The European Super League was officially launched on April 18, 2021, by 12 founding clubs: Spain’s Real Madrid, Barcelona and Atlético de Madrid; Italy’s AC Milan, Inter Milan and Juventus; and England’s Liverpool, Manchester City, Chelsea, Manchester United and Tottenham Hotspur.

The clubs announced plans for a new competition starting in the 2021–22 season, featuring up to 20 teams: the 12 founders, three invited clubs, among them Paris Saint-Germain, and five additional teams qualifying annually based on sporting merit.

Promoters of the project promised annual revenues of around 400 million euros per club and justified the initiative as a response to what they described as the “instability of the current economic model of European football,” worsened by the COVID-19 pandemic.

From the outset, UEFA, national federations, domestic leagues in Spain, England and Italy, and the ECA strongly opposed the plan.

Following fan protests, the six English clubs withdrew within days, followed shortly by Atlético de Madrid, AC Milan and Inter Milan.

In June 2023, Juventus formally informed Real Madrid and Barcelona of its withdrawal, amid an ongoing legal dispute between the Super League and UEFA that culminated in a ruling by the Court of Justice of the European Union (CJEU) in December 2023.

The court ruled that FIFA and UEFA regulations requiring prior authorization for new club competitions, such as the Super League, violated European Union law.
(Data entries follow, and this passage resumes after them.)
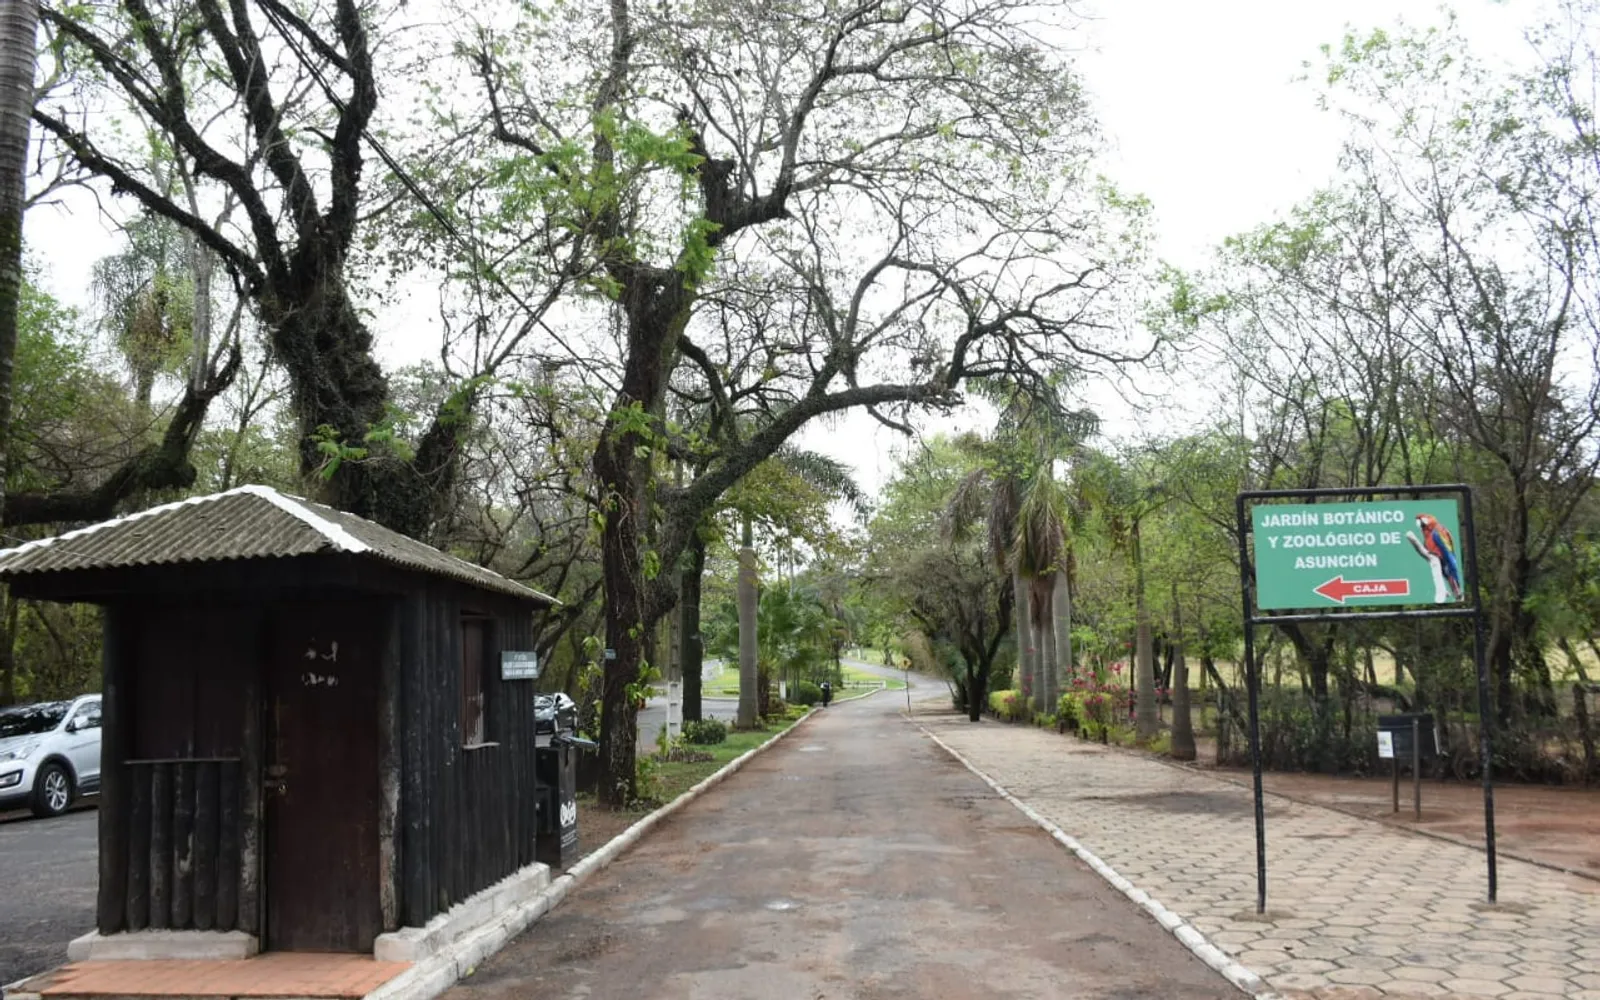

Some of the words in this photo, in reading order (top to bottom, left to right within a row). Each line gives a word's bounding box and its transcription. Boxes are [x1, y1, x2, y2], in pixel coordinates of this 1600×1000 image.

[1261, 511, 1318, 527] JARDÍN
[1324, 509, 1404, 525] BOTÁNICO
[1268, 536, 1279, 549] Y
[1283, 532, 1375, 548] ZOOLÓGICO
[1380, 532, 1401, 544] DE
[1295, 552, 1377, 569] ASUNCIÓN
[1353, 584, 1388, 593] CAJA
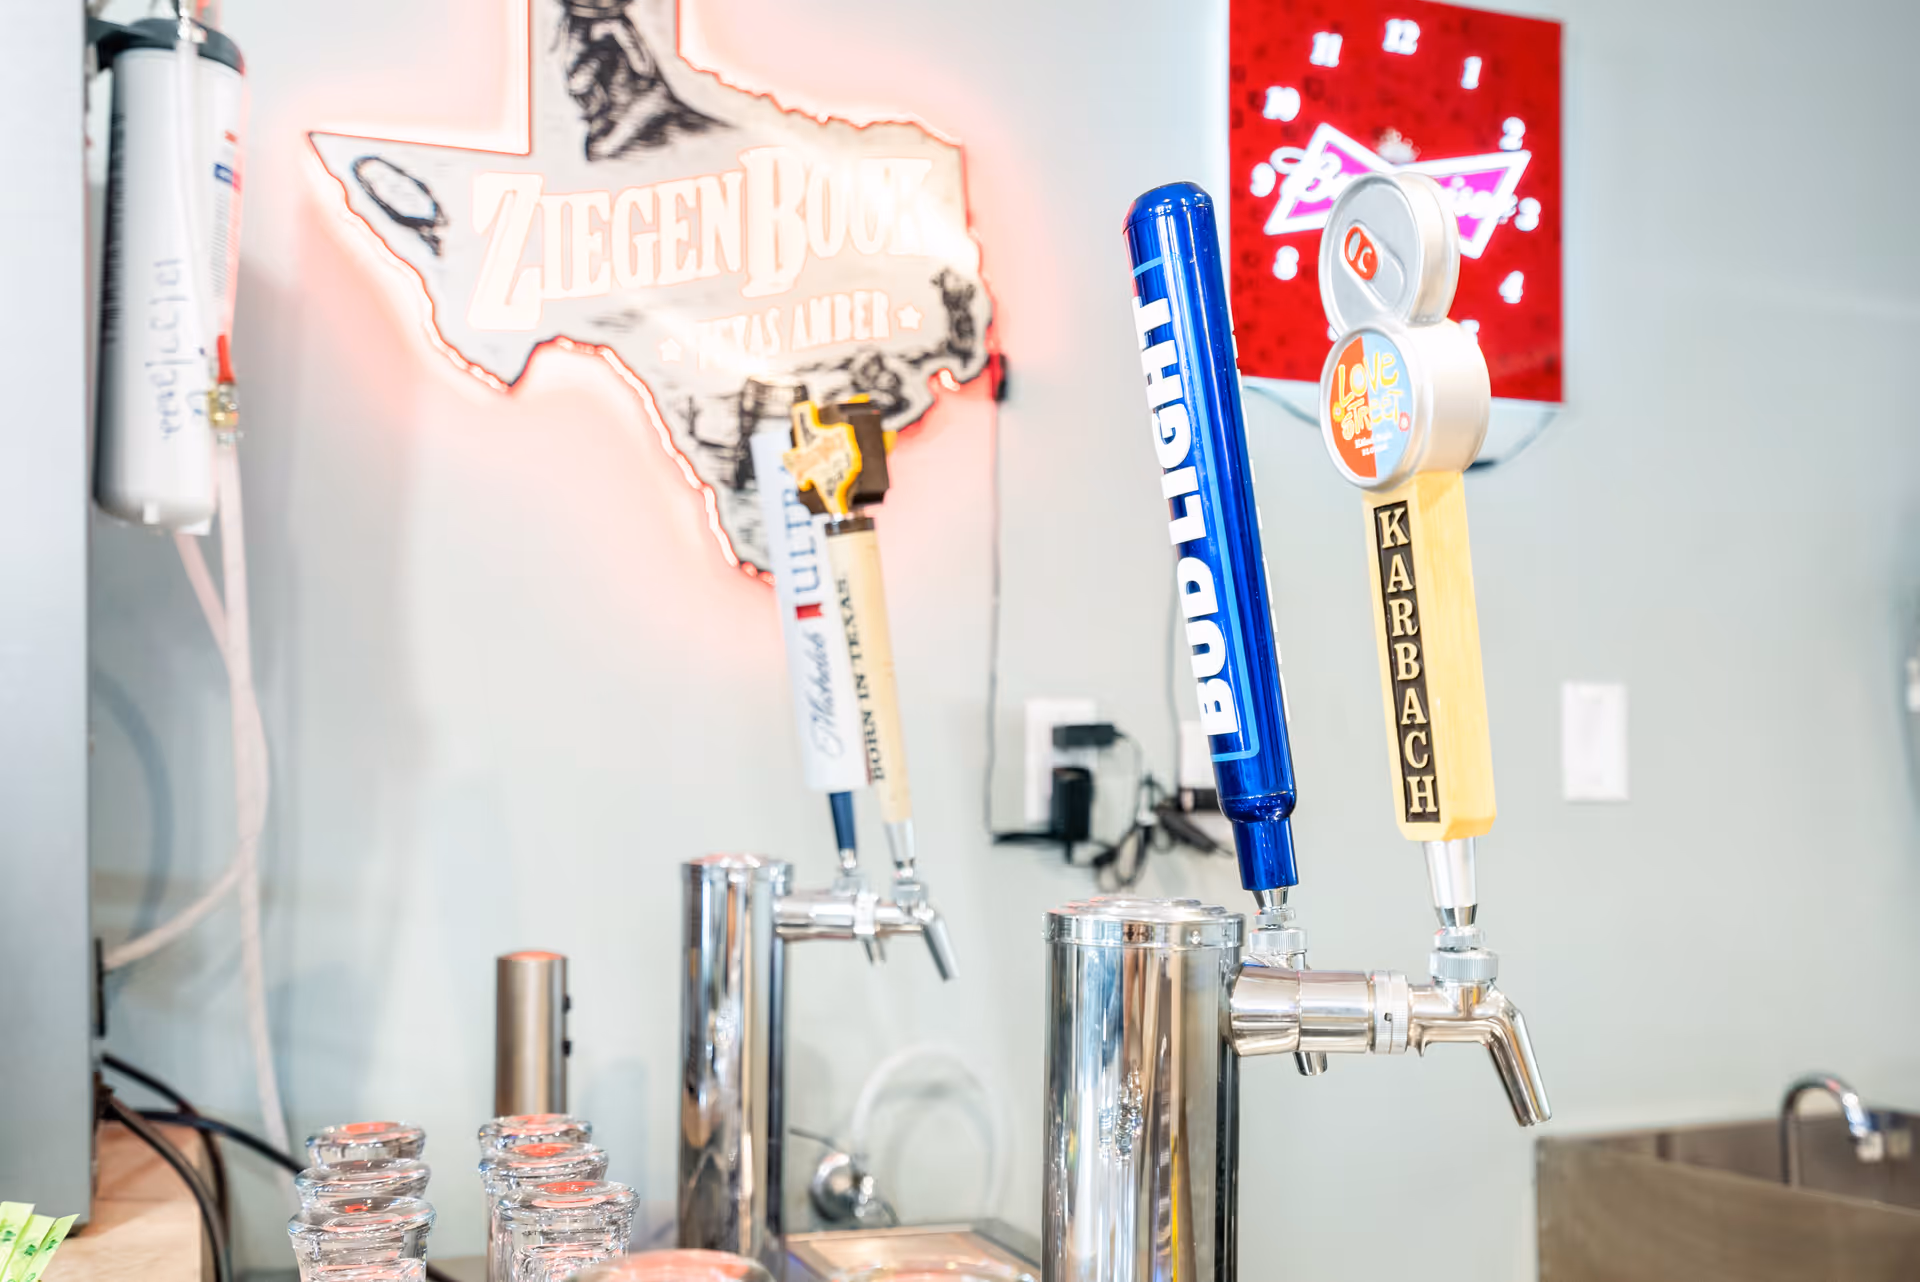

It also found that both bodies had abused their dominant position, while clarifying that a project like the Super League does not automatically have to be authorized.

The penultimate chapter came in early October, when Barcelona publicly staged what was widely seen as its definitive disengagement from the project.

Laporta was a central figure at the annual assembly of the former ECA, now the European Football Clubs (EFC), held last Wednesday in Rome, where he offered to mediate between UEFA and the Super League.

He openly advocated Barcelona’s full reintegration into European football institutions, effectively ending the club’s alignment with Florentino Pérez.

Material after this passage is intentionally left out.